Collected data:
------------
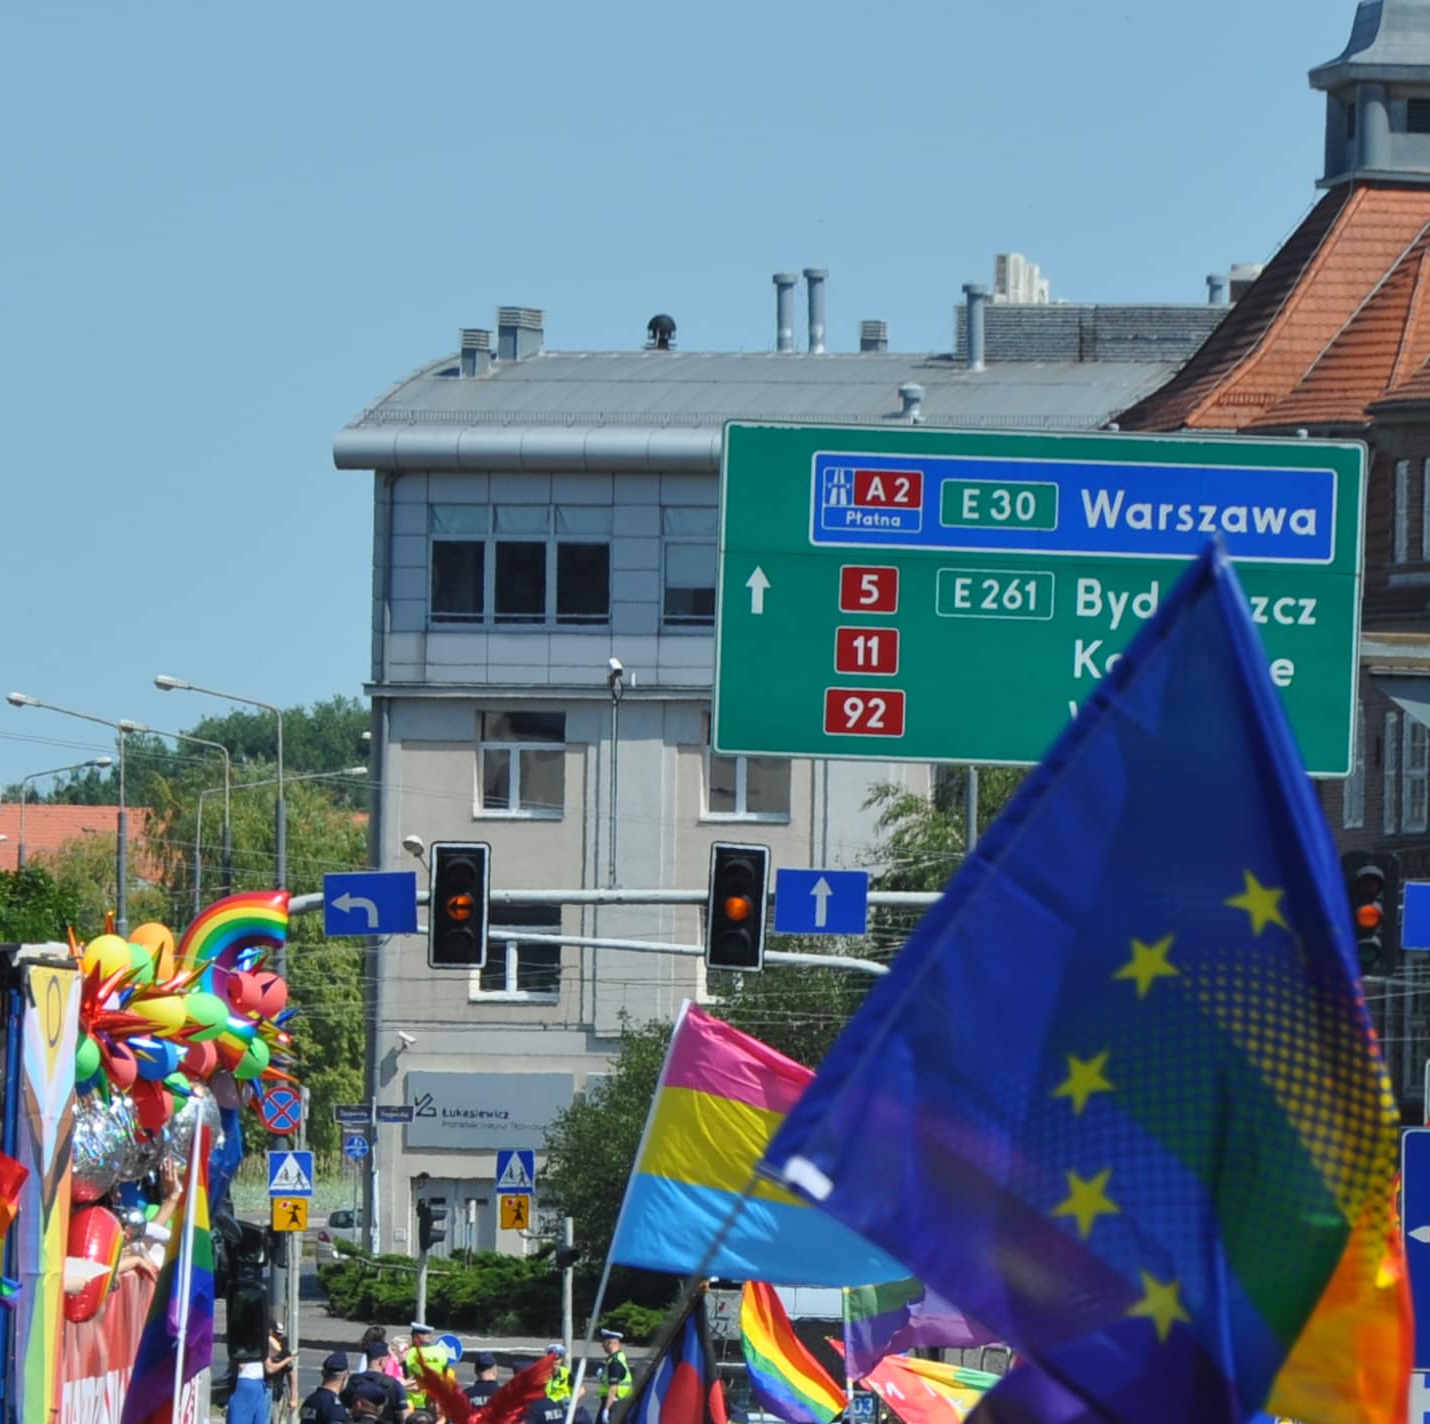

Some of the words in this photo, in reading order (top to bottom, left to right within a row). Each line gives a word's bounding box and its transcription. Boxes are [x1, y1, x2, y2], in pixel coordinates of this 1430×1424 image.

[845, 510, 901, 528] Płatna
[1080, 488, 1317, 536] Warszawa
[859, 574, 879, 605] 5
[1076, 577, 1318, 631] Bydzcz
[852, 635, 879, 667] 11
[843, 696, 887, 729] 92
[441, 1106, 509, 1120] Łukasiewicz
------------
Problem to work on: Quote every record above exactly, leaving out the pictures.

Completed task:
Some of the words in this photo, in reading order (top to bottom, left to right within a row). Each line gives a word's bounding box and its transcription. Boxes are [x1, y1, x2, y2], in pixel coordinates of this 1430×1424 image.

[845, 510, 901, 528] Płatna
[1080, 488, 1317, 536] Warszawa
[859, 574, 879, 605] 5
[1076, 577, 1318, 631] Bydzcz
[852, 635, 879, 667] 11
[843, 696, 887, 729] 92
[441, 1106, 509, 1120] Łukasiewicz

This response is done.